§ **DATA SUPPLIED**:
- - - - -

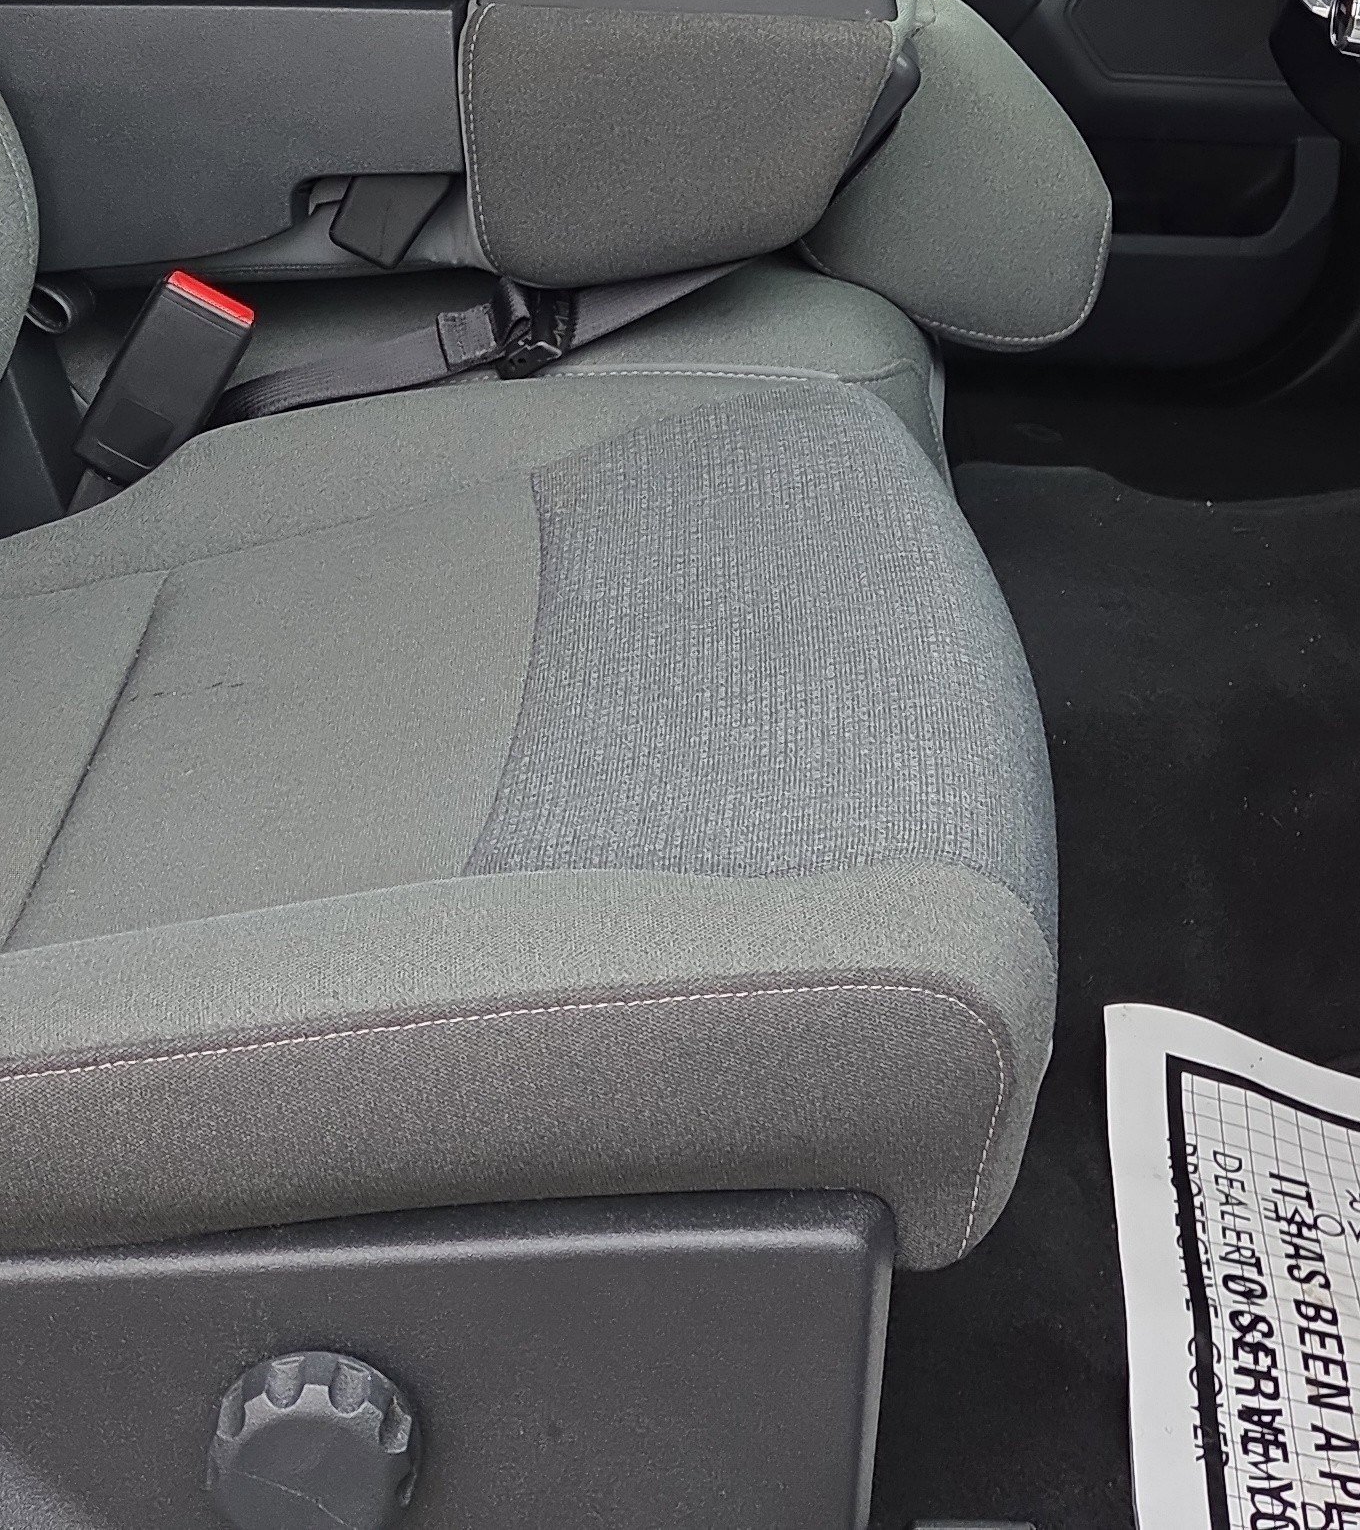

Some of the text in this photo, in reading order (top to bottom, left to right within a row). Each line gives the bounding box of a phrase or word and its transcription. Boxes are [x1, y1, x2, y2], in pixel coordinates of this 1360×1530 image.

[1211, 1150, 1256, 1262] DEALER
[1269, 1170, 1315, 1210] IT
[1219, 1254, 1268, 1301] TO
[1277, 1216, 1332, 1292] HAS
[1228, 1308, 1290, 1464] SERVE
[1293, 1297, 1354, 1415] BEEN
[1310, 1422, 1360, 1452] A
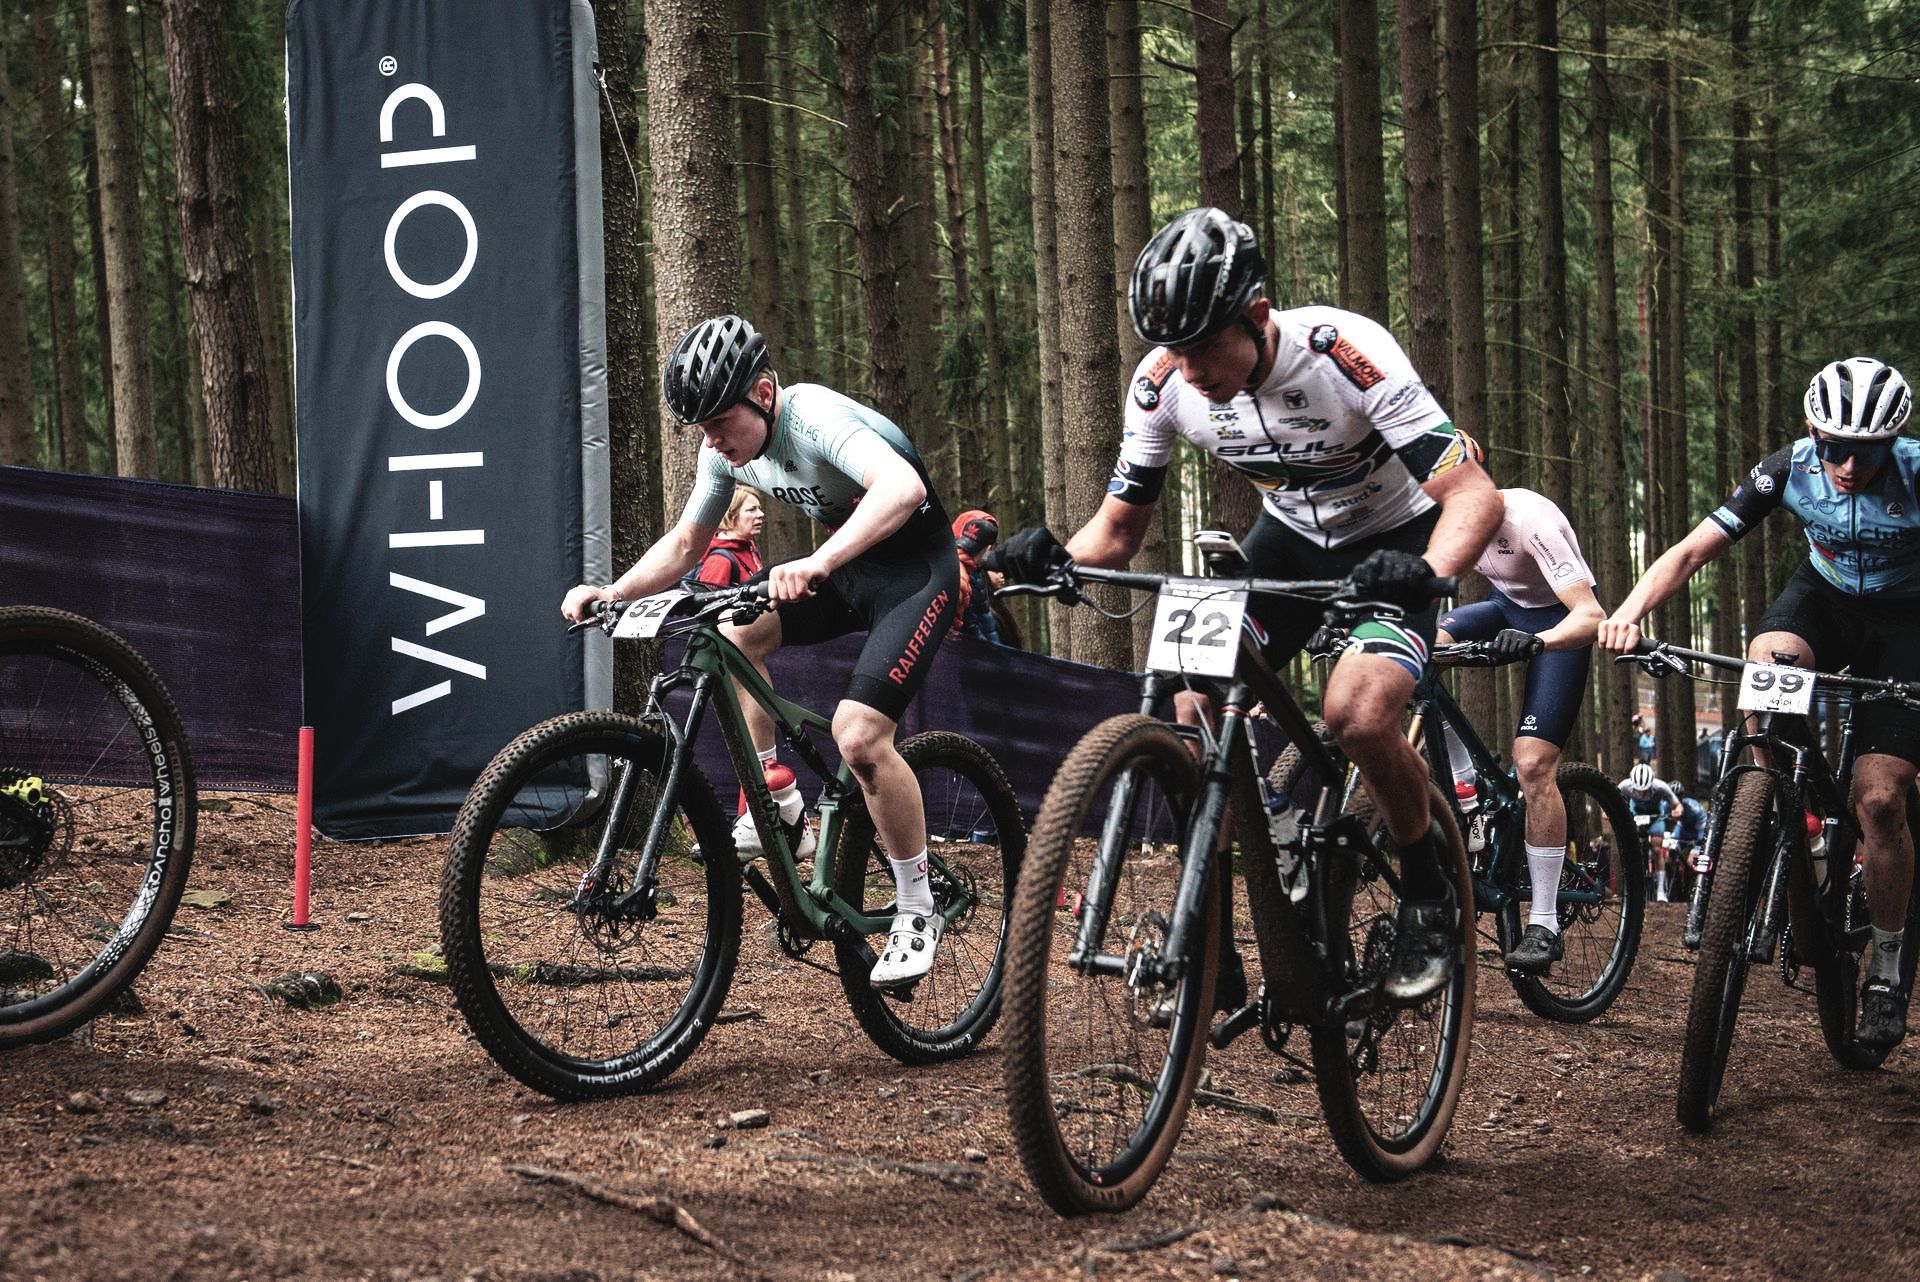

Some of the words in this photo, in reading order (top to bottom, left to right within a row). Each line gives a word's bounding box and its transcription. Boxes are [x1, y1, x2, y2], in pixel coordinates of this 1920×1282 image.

[1340, 340, 1379, 382] VALMOR
[380, 83, 486, 715] WHOOP
[805, 425, 820, 442] AG
[1216, 440, 1345, 457] SOUL
[772, 485, 834, 507] ROSE
[629, 600, 671, 618] 52
[889, 590, 949, 685] RAIFFEISEN
[1163, 609, 1230, 647] 22
[1751, 670, 1804, 693] 99
[145, 727, 170, 796] wheels
[604, 1058, 623, 1072] DT
[626, 1040, 660, 1067] SWISS
[912, 1038, 954, 1053] RALPH
[578, 1066, 643, 1084] RACING
[644, 1043, 676, 1072] RAY

- - - - -

§ **TASK STATEMENT**: The records above must be retyped exactly. Please omit the pictures.

§ **RESPONSE**:
Some of the text in this photo, in reading order (top to bottom, left to right within a row). Each line gives the bounding box of a phrase or word and its transcription. Boxes are [x1, y1, x2, y2], in pixel coordinates of this 1360×1530 image.

[1211, 1150, 1256, 1262] DEALER
[1269, 1170, 1315, 1210] IT
[1219, 1254, 1268, 1301] TO
[1277, 1216, 1332, 1292] HAS
[1228, 1308, 1290, 1464] SERVE
[1293, 1297, 1354, 1415] BEEN
[1310, 1422, 1360, 1452] A

Some of the words in this photo, in reading order (top to bottom, left to right within a row). Each line gives a word's bounding box and its transcription. Boxes are [x1, y1, x2, y2], in pixel coordinates of this 1920×1282 image.

[1340, 340, 1379, 382] VALMOR
[380, 83, 486, 715] WHOOP
[805, 425, 820, 442] AG
[1216, 440, 1345, 457] SOUL
[772, 485, 834, 507] ROSE
[629, 600, 671, 618] 52
[889, 590, 949, 685] RAIFFEISEN
[1163, 609, 1230, 647] 22
[1751, 670, 1804, 693] 99
[145, 727, 170, 796] wheels
[604, 1058, 623, 1072] DT
[626, 1040, 660, 1067] SWISS
[912, 1038, 954, 1053] RALPH
[578, 1066, 643, 1084] RACING
[644, 1043, 676, 1072] RAY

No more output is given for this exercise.